Волшан повёл плечами – под новой рубахой, что Смеян одолжил, ощутимо припекло клеймо. О том, что купец Киеву служит глазами и ушами он знал давно, ещё со времён первой встречи.
– Значит услышал тебя князь Мстислав?
– Услышал. Родь тоже отстраивают. Новый хакан у степняков на юге, безрассудный, молодой, горячий. От такого только и жди беды. Ему ромеи в Суроже недавно урок преподали, теперь к ним не пойдёт. Одна ему дорога – Русь.
Волшан задумался. Он шёл в Степь за семенем погибельным. Не оно ли в молодом хане пробилось?
– Странное говоришь, Смеян. Раздоры у степняков всегда дробили орду, а ты решил, что она соединяется…
– Не решил, друже. Своими глазами видел. Даже Ильбек – так себе хан, из мелких, что ближе всех вдоль Сулы кочует – был нищ. Только и сил, что малые селища жечь да полоном торговать. А нынче гордится, что его хакан огромную орду набрал. Таких же голых и злых, полагаю. И не один Ильбек такой в Степи. Другие, на него глядя, тоже в ту стаю сбиваются, вроде волков стали. Потрепали их знатно, а только не во вред пошло. Сам знаешь, мне из Степи и птички, и ветер вести приносят, и вести эти не радуют. К молодому хакану и правда другие племена прислоняются, орда-то крепнет.
Смеян потянулся к кувшину, плеснул сбитня в кружку – простую, без орнаментов, хотя на столе и кубок червлёного серебра имелся, – и одним махом осушил её до дна.
«Волков», – поджал губы Волшан. Для него степняки больше на одичавших псов походили, те тоже в стаи сбиваются. Но опасения Смеяна только подстегнули его решимость.
– Ильбек-хан, говоришь, ближний? Не его ли люди коня потеряли?
Смеян покачал головой.
– Жизнью не дорожишь, друже. Брось ты это. Неспокойно в нынче в Диком Поле.

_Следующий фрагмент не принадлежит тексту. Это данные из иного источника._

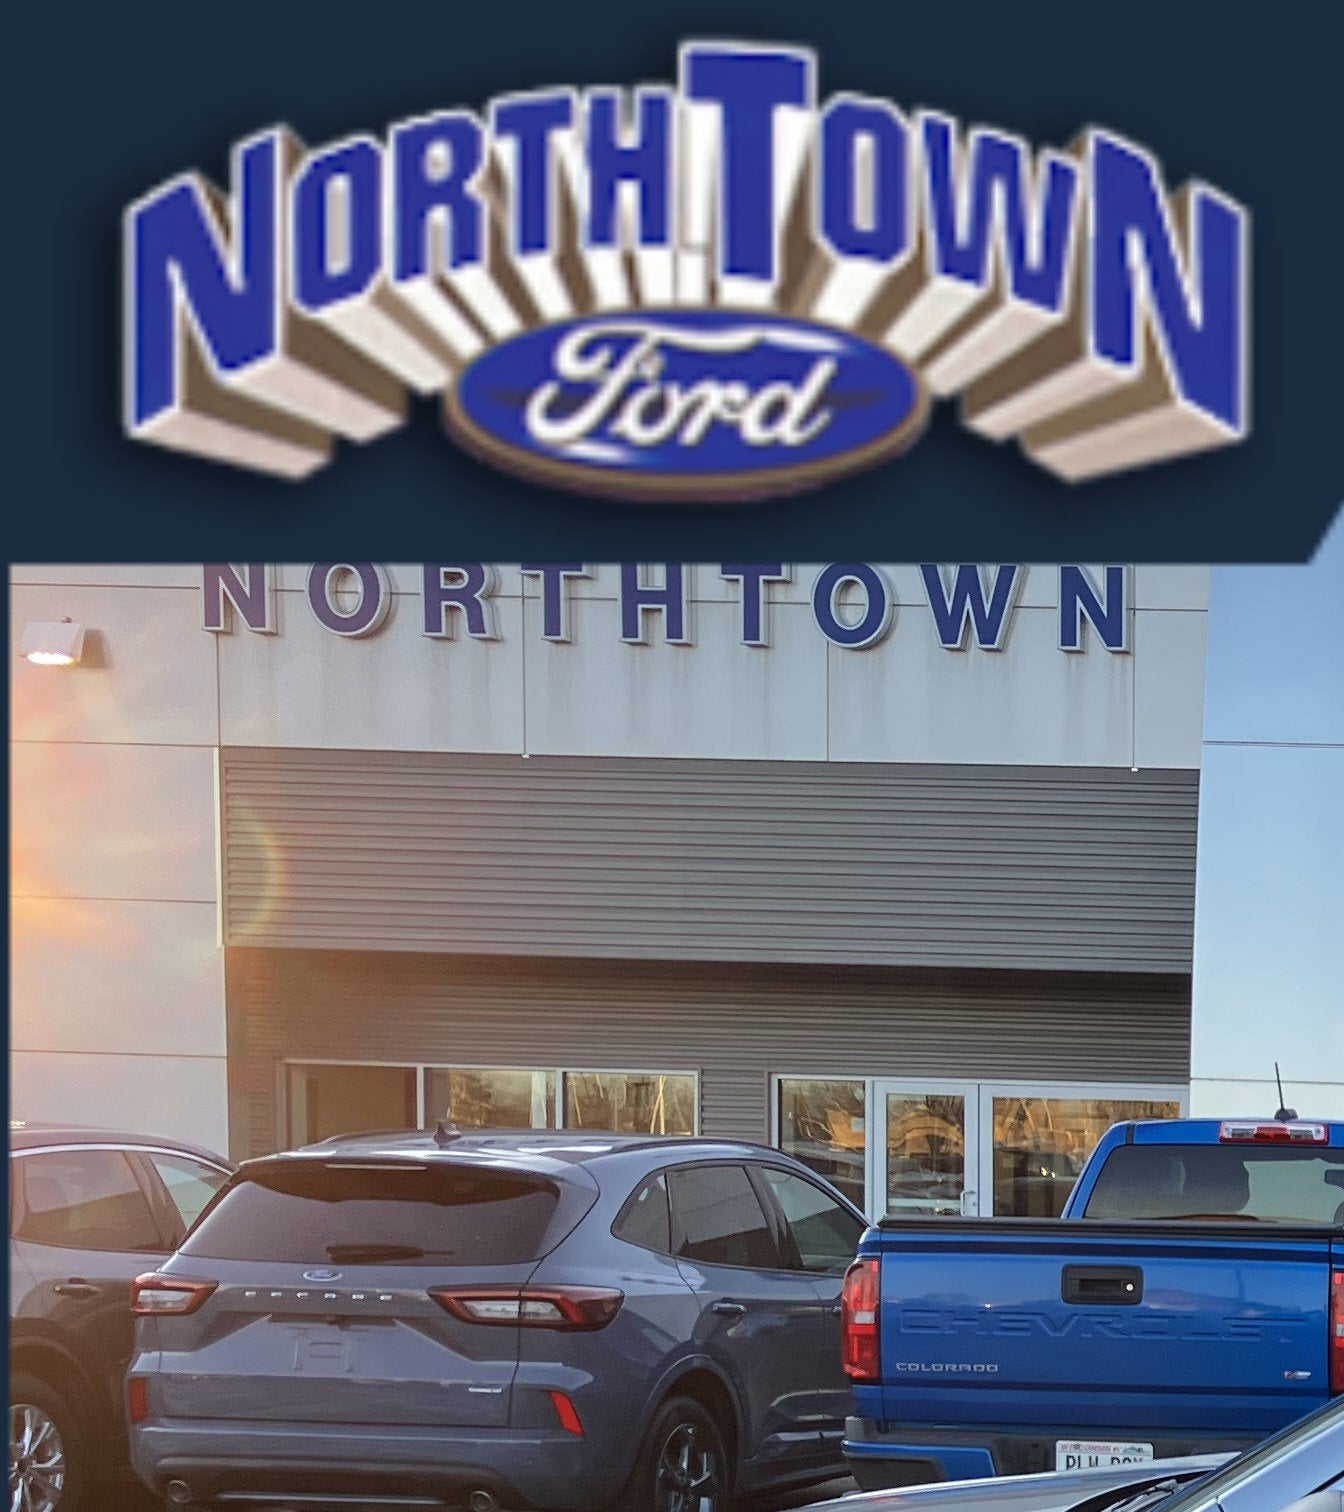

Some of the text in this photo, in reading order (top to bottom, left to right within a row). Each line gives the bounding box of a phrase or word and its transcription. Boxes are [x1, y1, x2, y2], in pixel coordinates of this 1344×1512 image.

– Там и раньше тихо не было, однако же мы с тобой пока живы, – отмахнулся Волшан. – Ты лучше подходящей одёжей выручи, а то в такой рубахе печенеги из меня серебро вытрясать будут, пока кишки наружу не полезут. Решат, что купец приблудился.
– Выручу, куда деваться? – усмехнулся купец. – Когда в путь?
– А далеко ли до стана того хакана?
– Дней восемь – десять, если о-дву-конь ехать. С одним дольше будет. Да только у печенегов разведчики окрест шастают. Как в Воини топоры застучали, так они и всполошились. Нынче по степи тишком не проедешь. Дам тебе имя одно, только уж ты побереги его хозяина. Он, хоть и степняк, но мой степняк. Нужный. Если напорешься на печенегов, скажи, что ищешь Сачу из рода Жеребца, он тебя и спроводит.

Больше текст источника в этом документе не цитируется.